[[ RECORDS SUPPLIED, beginning ]]

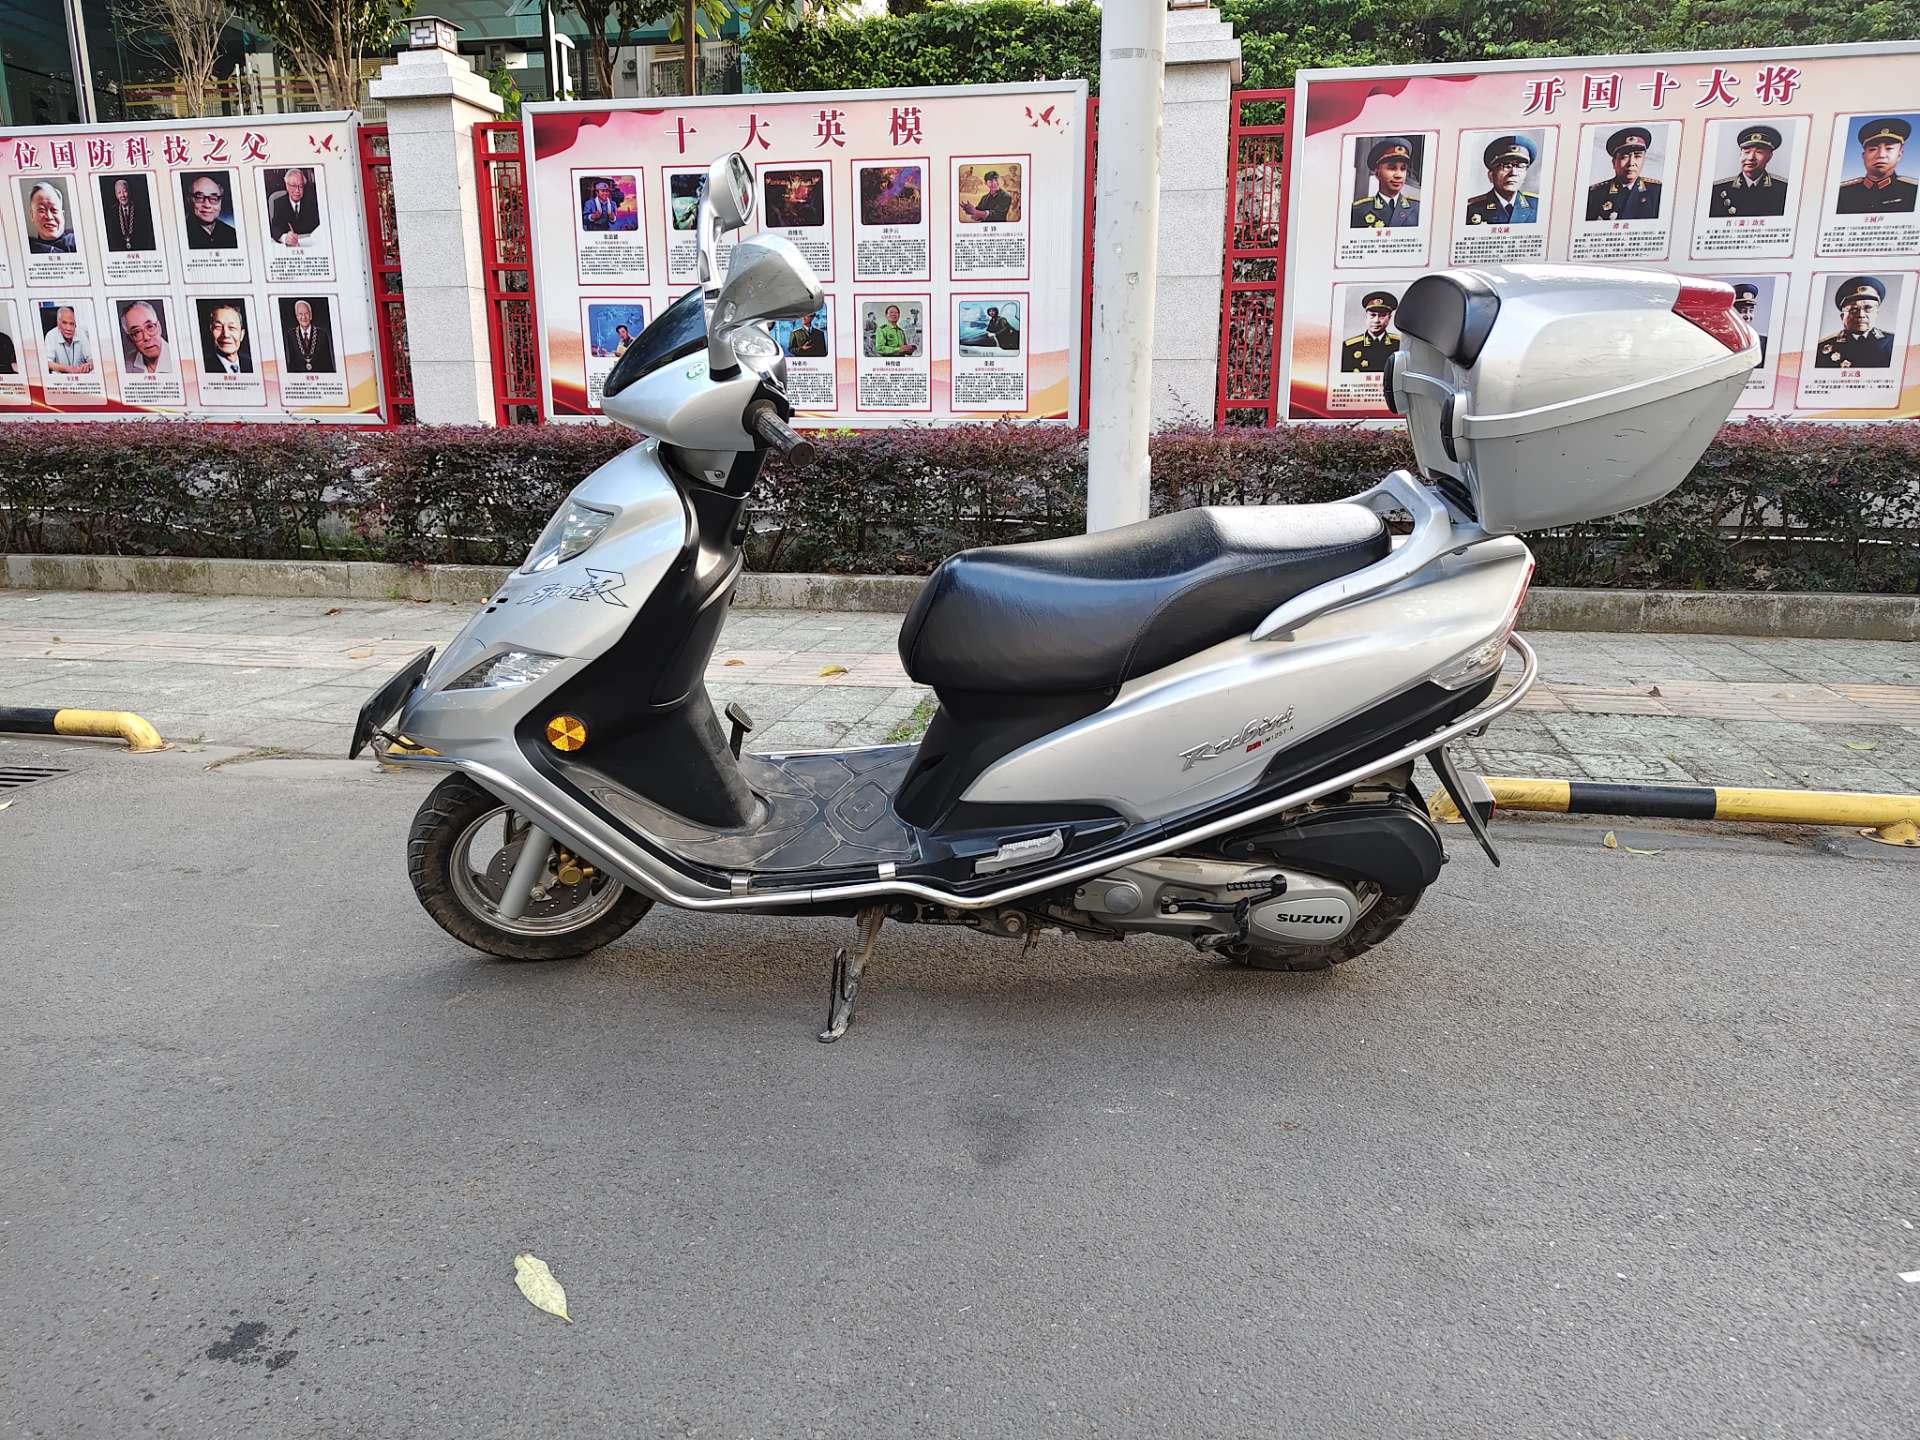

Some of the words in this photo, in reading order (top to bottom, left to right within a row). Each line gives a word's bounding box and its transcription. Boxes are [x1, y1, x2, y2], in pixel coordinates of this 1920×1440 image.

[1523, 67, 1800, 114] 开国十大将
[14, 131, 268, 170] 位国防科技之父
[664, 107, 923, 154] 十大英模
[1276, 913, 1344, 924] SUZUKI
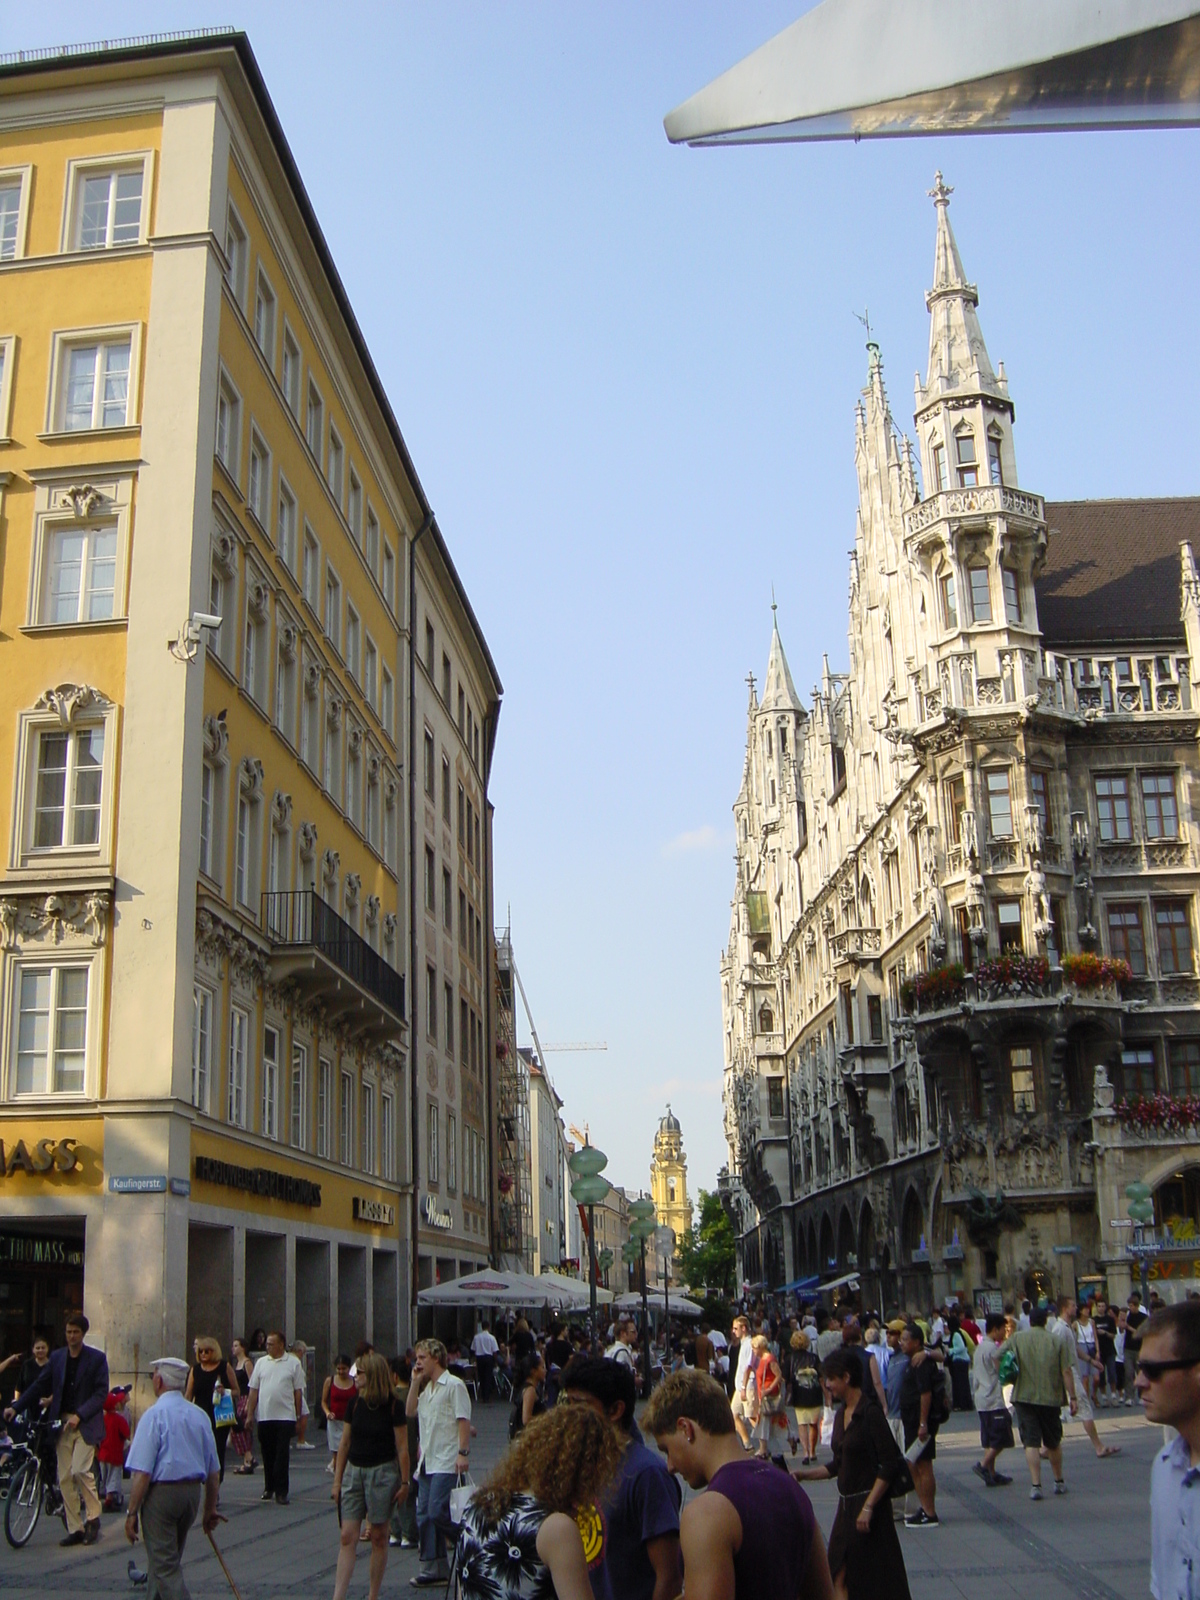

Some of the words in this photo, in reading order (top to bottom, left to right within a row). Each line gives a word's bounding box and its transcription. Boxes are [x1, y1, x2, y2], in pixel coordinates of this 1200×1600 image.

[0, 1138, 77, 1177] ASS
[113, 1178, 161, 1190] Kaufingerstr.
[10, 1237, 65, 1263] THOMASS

[[ RECORDS SUPPLIED, end ]]

[REQUIRED ACTION] A word-for-word copy of the listing is needed. It must not include the pictures.

[WRITTEN RESPONSE]
Some of the words in this photo, in reading order (top to bottom, left to right within a row). Each line gives a word's bounding box and its transcription. Boxes are [x1, y1, x2, y2], in pixel coordinates of this 1920×1440 image.

[1523, 67, 1800, 114] 开国十大将
[14, 131, 268, 170] 位国防科技之父
[664, 107, 923, 154] 十大英模
[1276, 913, 1344, 924] SUZUKI

Some of the words in this photo, in reading order (top to bottom, left to right within a row). Each line gives a word's bounding box and its transcription. Boxes are [x1, y1, x2, y2], in pixel coordinates of this 1200×1600 image.

[0, 1138, 77, 1177] ASS
[113, 1178, 161, 1190] Kaufingerstr.
[10, 1237, 65, 1263] THOMASS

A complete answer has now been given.